==== Extracted records ====
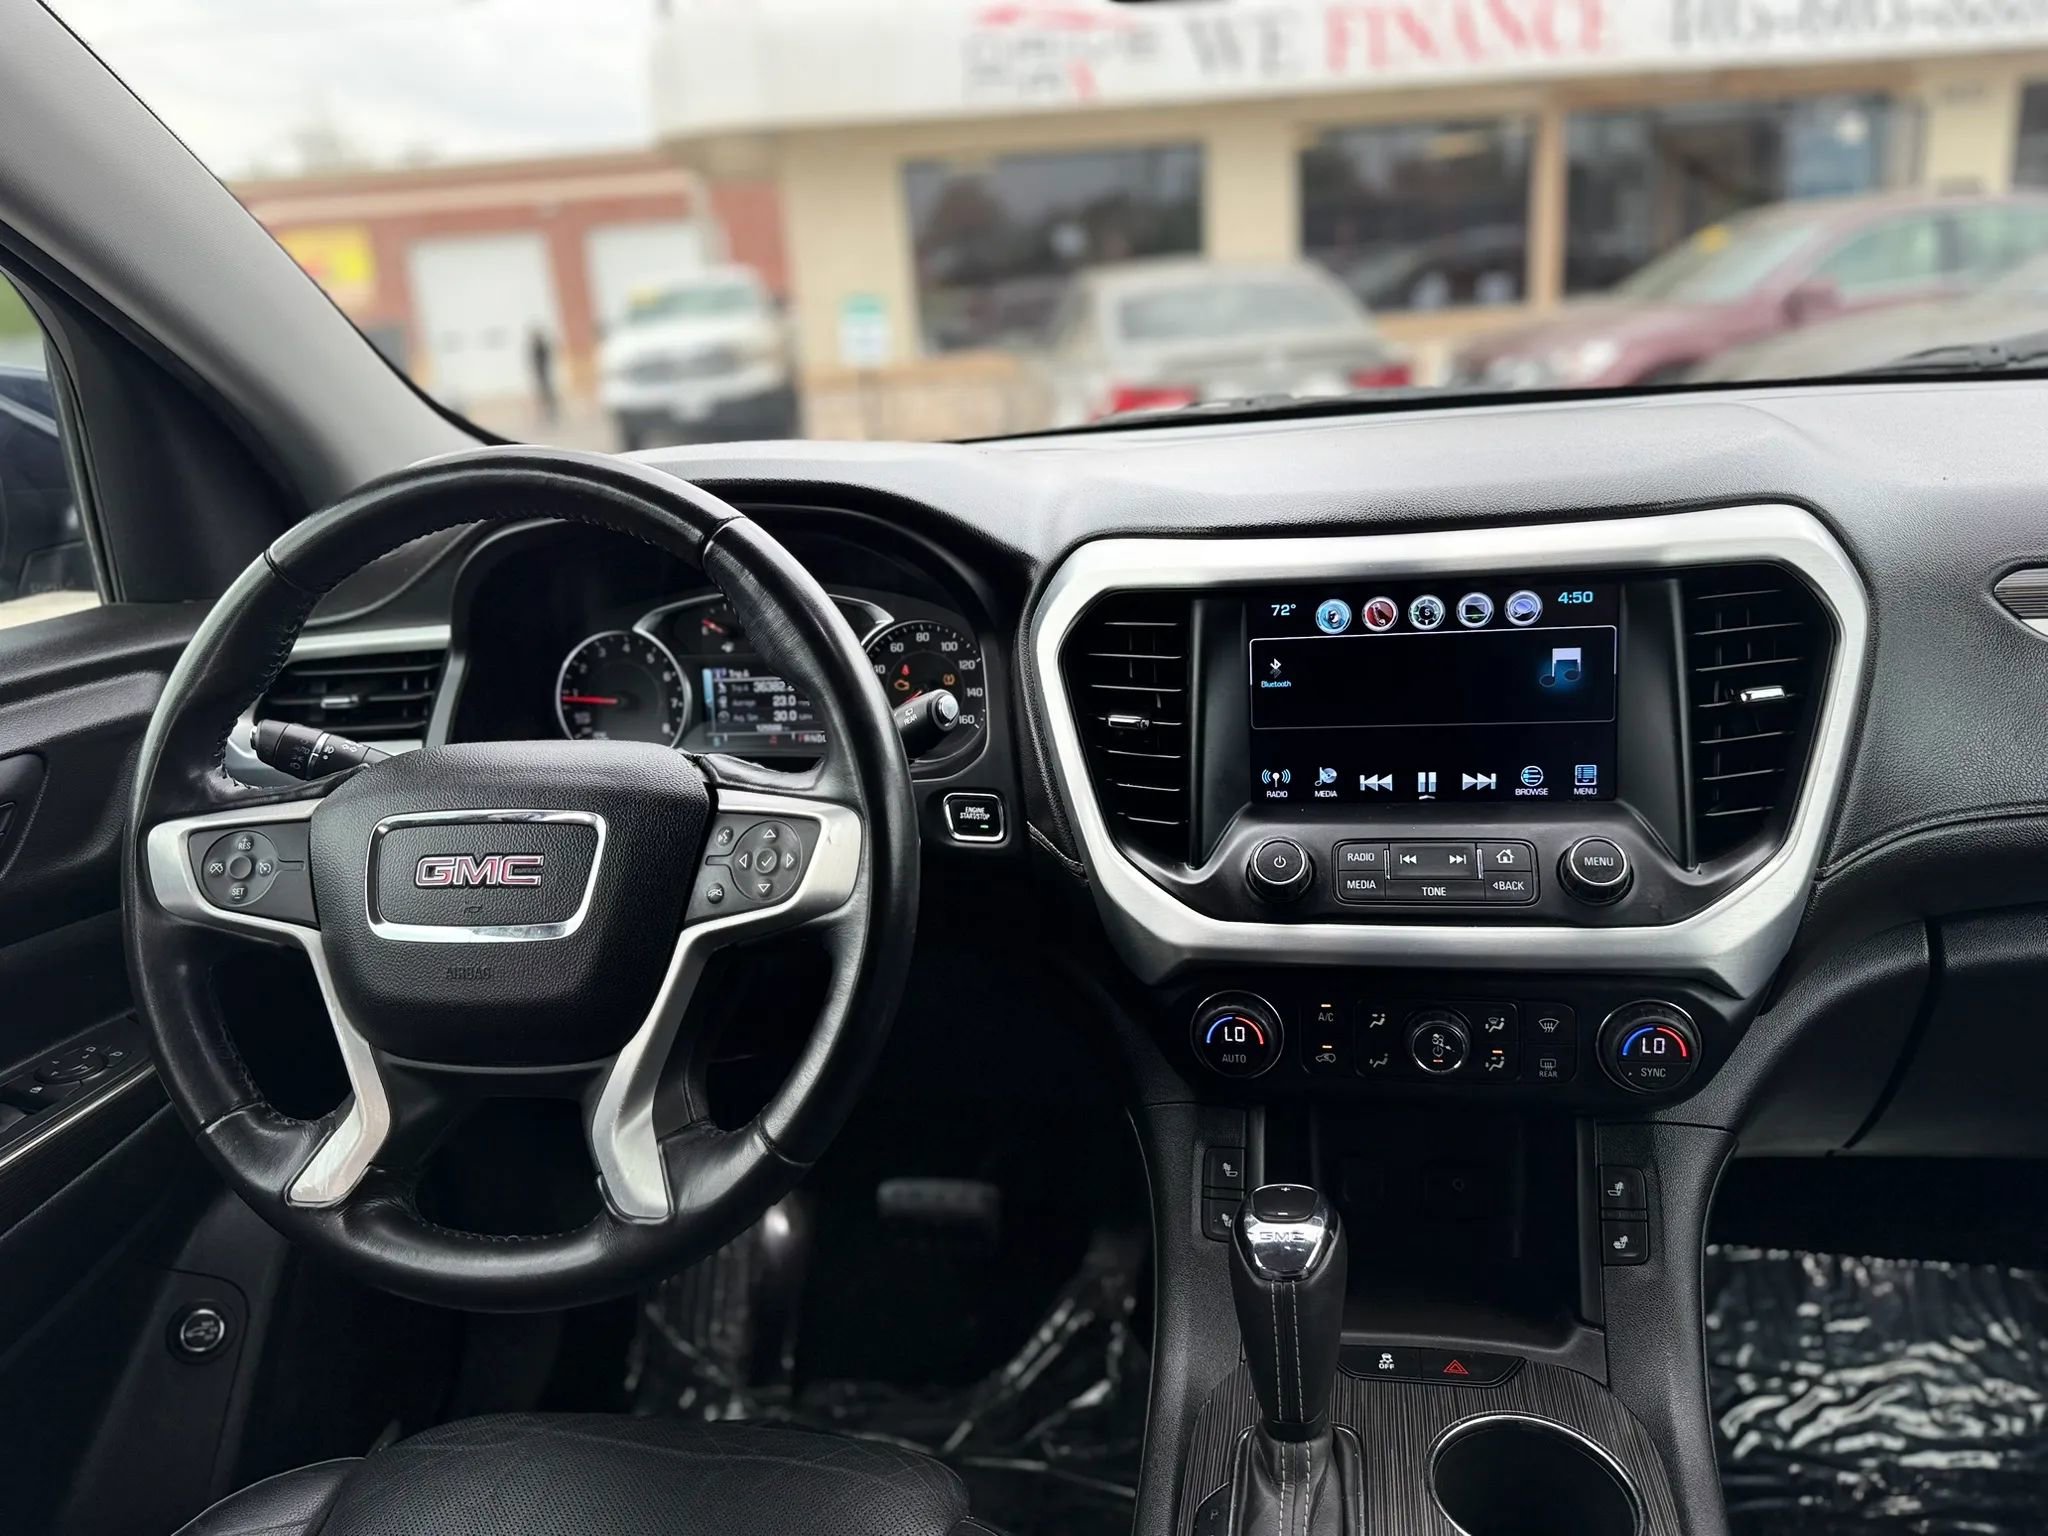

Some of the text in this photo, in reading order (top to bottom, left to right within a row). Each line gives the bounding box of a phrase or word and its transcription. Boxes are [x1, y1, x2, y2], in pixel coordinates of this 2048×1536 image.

[1324, 0, 1616, 72] FINANCE
[1557, 591, 1594, 604] 4:50
[1271, 603, 1297, 617] 72°
[915, 632, 930, 642] 80
[889, 642, 904, 653] 60
[941, 641, 958, 652] 100
[959, 660, 976, 670] 120
[1260, 680, 1292, 689] Bluetooth
[966, 687, 983, 698] 140
[903, 714, 918, 726] REAR
[959, 715, 975, 725] 160
[1266, 790, 1289, 798] RADIO
[1314, 790, 1338, 798] MEDIA
[1514, 787, 1549, 796] BROWSE
[1573, 787, 1598, 795] MENU
[238, 842, 251, 850] RES
[1346, 852, 1375, 862] RADIO
[1584, 856, 1614, 866] MENU
[416, 855, 544, 886] GMC
[1346, 880, 1376, 889] MEDIA
[1498, 881, 1525, 891] BACK
[231, 887, 245, 896] SET
[1421, 886, 1447, 896] TONE
[446, 967, 493, 980] AIRBAG
[1317, 1012, 1335, 1022] A/C
[1224, 1026, 1245, 1042] LO
[1641, 1037, 1666, 1054] LO
[1221, 1053, 1247, 1064] AUTO
[1538, 1070, 1558, 1078] REAR
[1640, 1067, 1667, 1078] SYNC
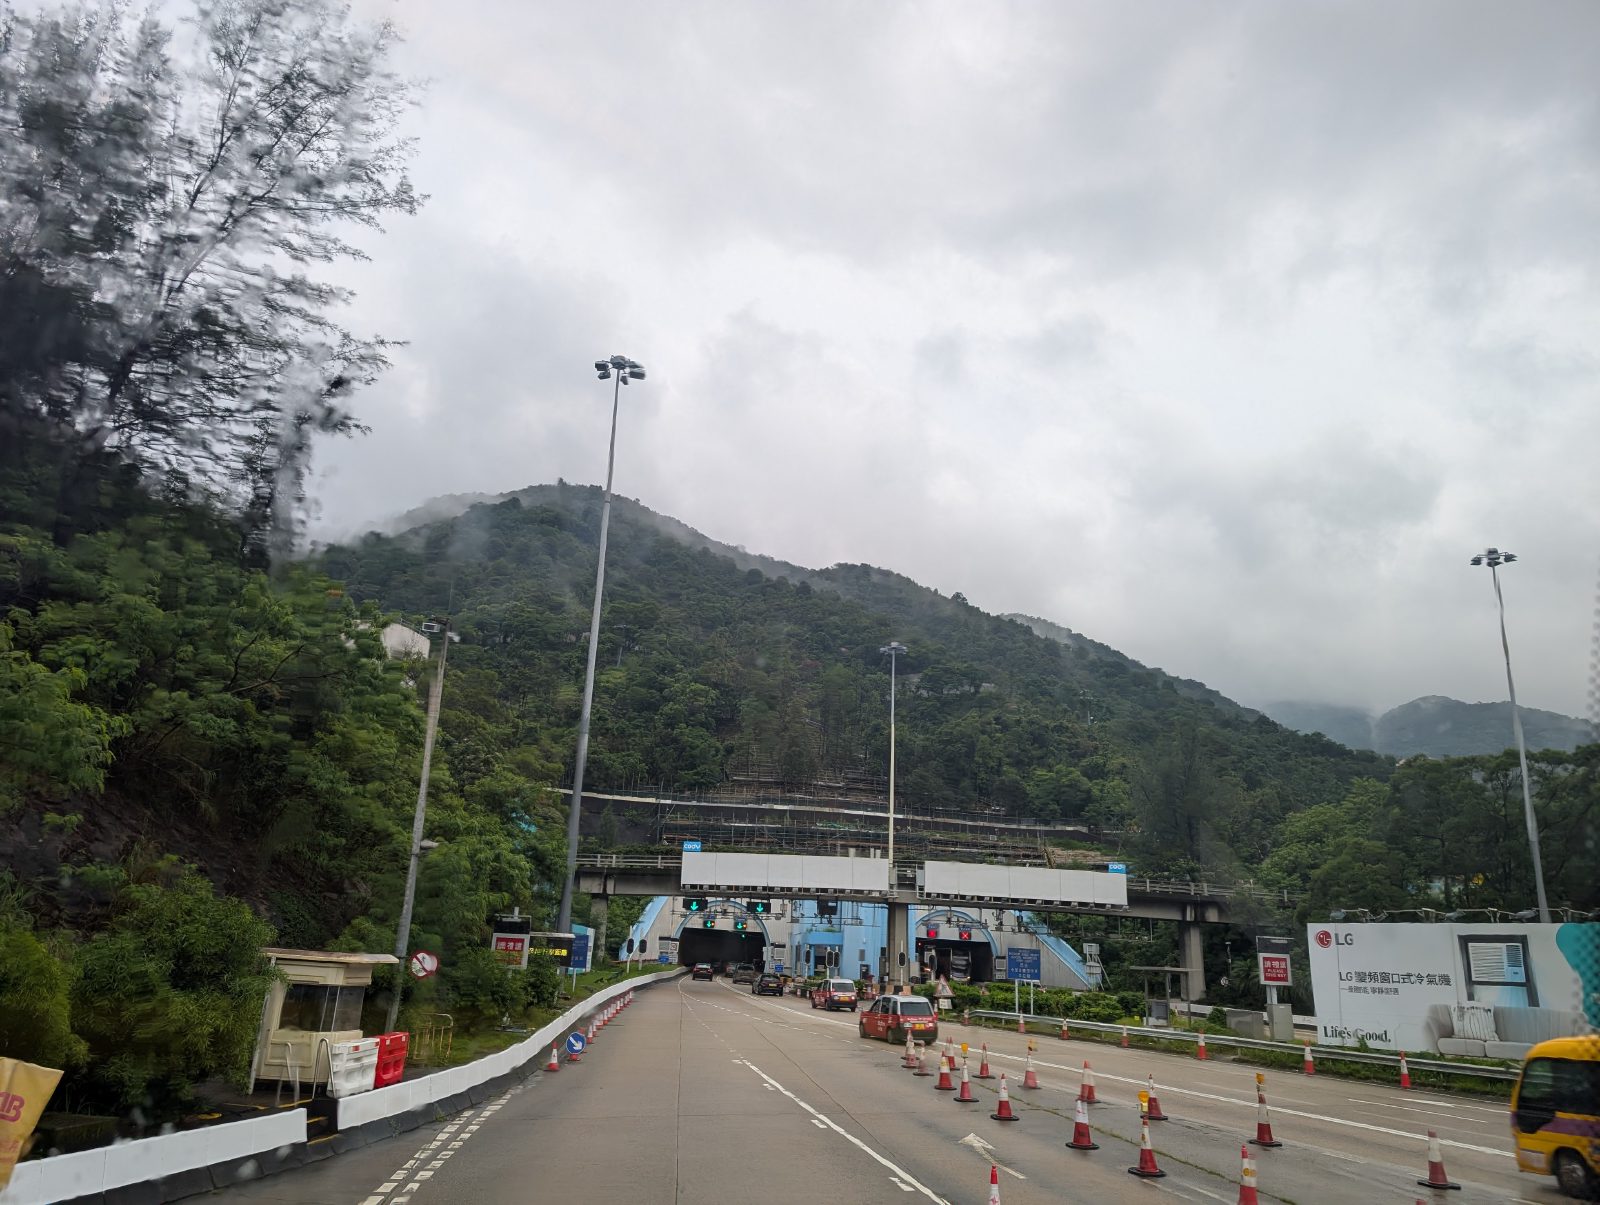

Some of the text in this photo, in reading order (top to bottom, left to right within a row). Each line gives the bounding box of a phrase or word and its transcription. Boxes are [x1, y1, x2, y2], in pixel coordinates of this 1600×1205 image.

[1334, 932, 1353, 946] LG
[1339, 971, 1452, 987] LG 變頻窗口式冷氣機
[1323, 1025, 1352, 1040] Life's
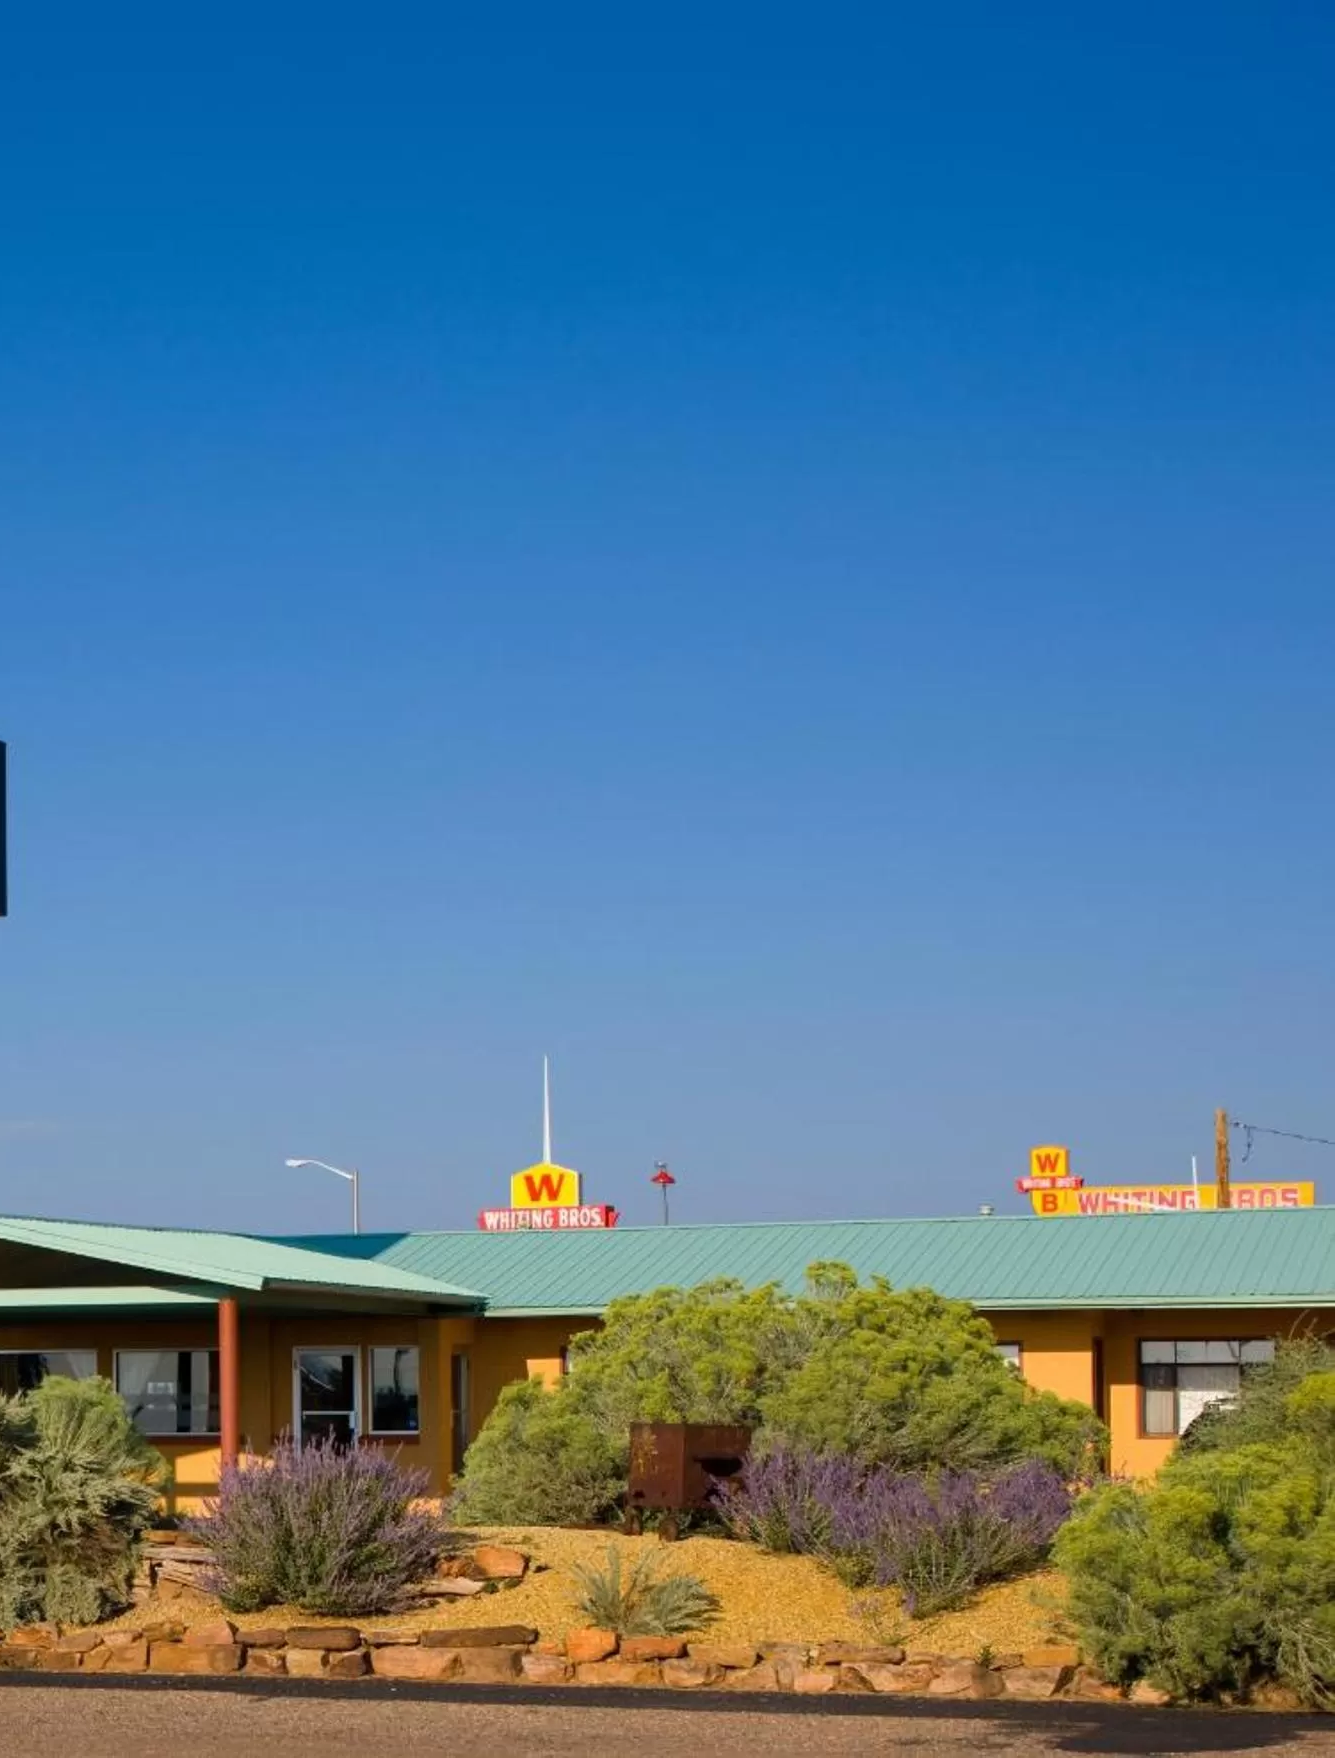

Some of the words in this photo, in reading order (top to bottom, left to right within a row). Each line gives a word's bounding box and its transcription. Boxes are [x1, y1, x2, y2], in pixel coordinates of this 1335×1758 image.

[1036, 1152, 1060, 1173] W
[523, 1173, 565, 1202] W
[1217, 1186, 1298, 1209] ROS
[1041, 1193, 1059, 1213] B
[484, 1209, 554, 1230] WHITING
[558, 1207, 605, 1228] BROS.
====
Your task is to repeat only the lines from the line containing "this 1600×1205 image." through the final line of the material, inclusive; do not include pictures.

* **The answer**
Some of the text in this photo, in reading order (top to bottom, left to right within a row). Each line gives the bounding box of a phrase or word and its transcription. Boxes are [x1, y1, x2, y2], in pixel coordinates of this 1600×1205 image.

[1334, 932, 1353, 946] LG
[1339, 971, 1452, 987] LG 變頻窗口式冷氣機
[1323, 1025, 1352, 1040] Life's

Some of the words in this photo, in reading order (top to bottom, left to right within a row). Each line gives a word's bounding box and its transcription. Boxes are [x1, y1, x2, y2], in pixel coordinates of this 1335×1758 image.

[1036, 1152, 1060, 1173] W
[523, 1173, 565, 1202] W
[1217, 1186, 1298, 1209] ROS
[1041, 1193, 1059, 1213] B
[484, 1209, 554, 1230] WHITING
[558, 1207, 605, 1228] BROS.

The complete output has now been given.